*** Block opens ***
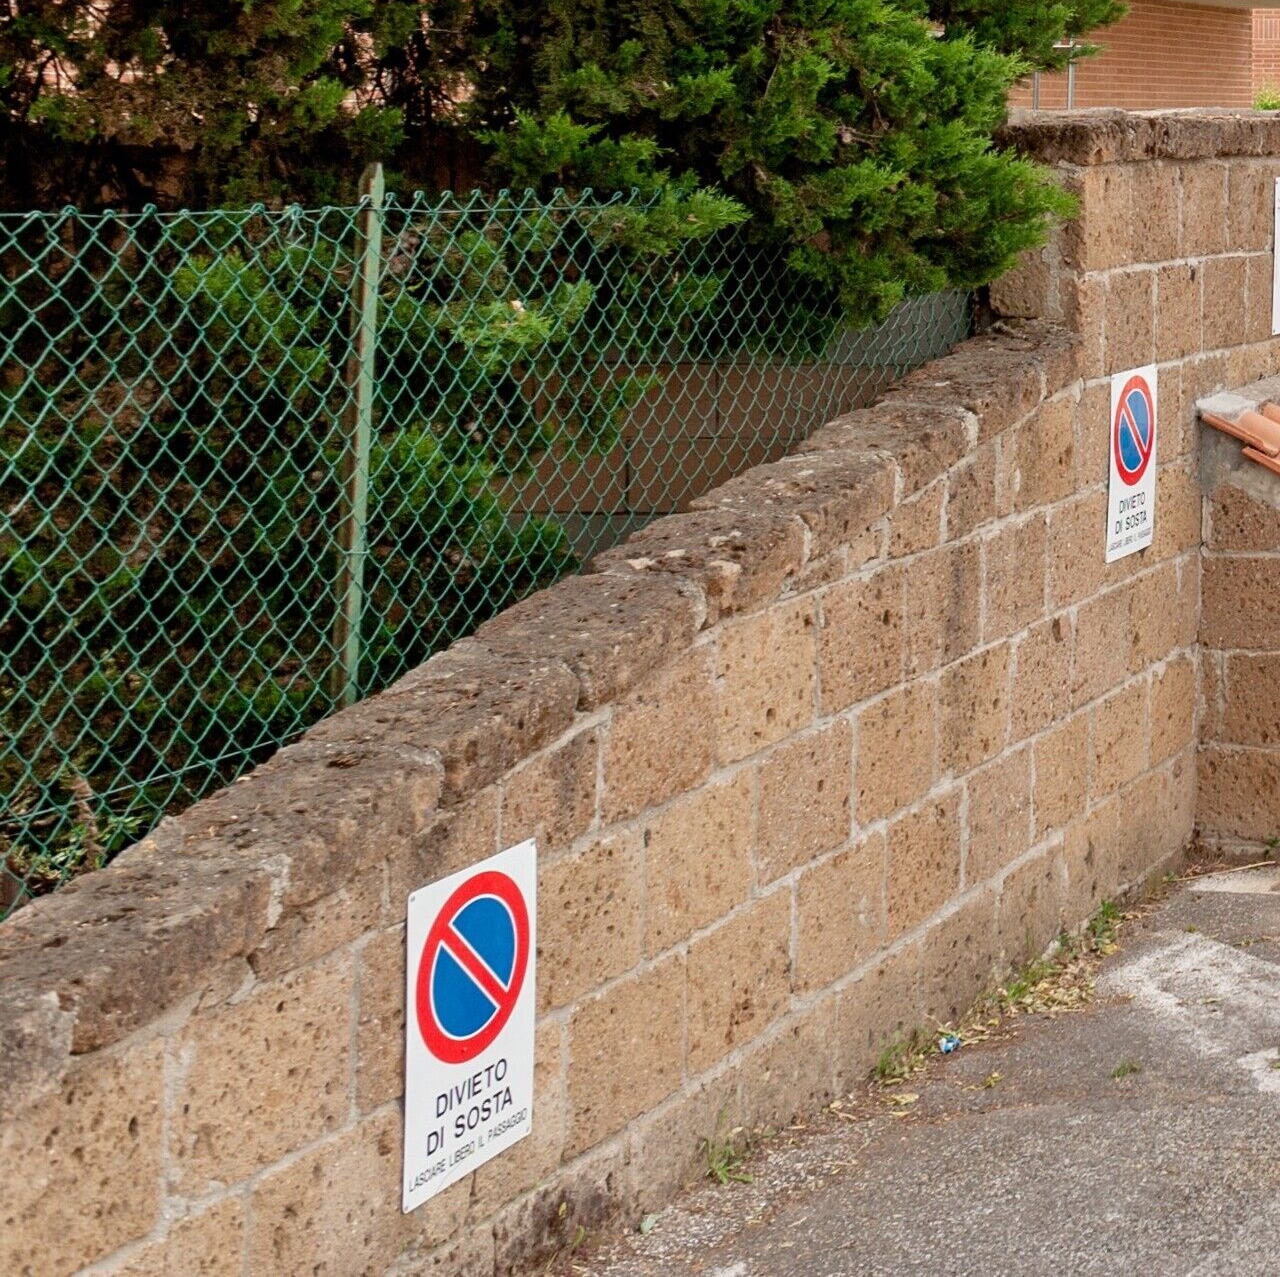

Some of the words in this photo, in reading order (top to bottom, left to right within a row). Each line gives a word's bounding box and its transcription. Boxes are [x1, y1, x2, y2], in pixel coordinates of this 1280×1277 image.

[1115, 519, 1123, 535] DI
[1125, 510, 1147, 531] SOSTA
[1119, 491, 1145, 514] DIVIETO
[436, 1058, 508, 1119] DIVIETO
[408, 1158, 446, 1193] LASCIARE
[449, 1140, 476, 1168] LIBERO
[478, 1134, 485, 1148] IL
[487, 1107, 528, 1141] PASSAGGIO
[426, 1125, 445, 1157] DI
[454, 1085, 514, 1139] SOSTA
*** Block closes ***
#### WHAT IS REQUIRED:
No pictures go in the copy. Set down all the data exactly.

#### SOLVED PROBLEM:
Some of the words in this photo, in reading order (top to bottom, left to right within a row). Each line gives a word's bounding box and its transcription. Boxes are [x1, y1, x2, y2], in pixel coordinates of this 1280×1277 image.

[1115, 519, 1123, 535] DI
[1125, 510, 1147, 531] SOSTA
[1119, 491, 1145, 514] DIVIETO
[436, 1058, 508, 1119] DIVIETO
[408, 1158, 446, 1193] LASCIARE
[449, 1140, 476, 1168] LIBERO
[478, 1134, 485, 1148] IL
[487, 1107, 528, 1141] PASSAGGIO
[426, 1125, 445, 1157] DI
[454, 1085, 514, 1139] SOSTA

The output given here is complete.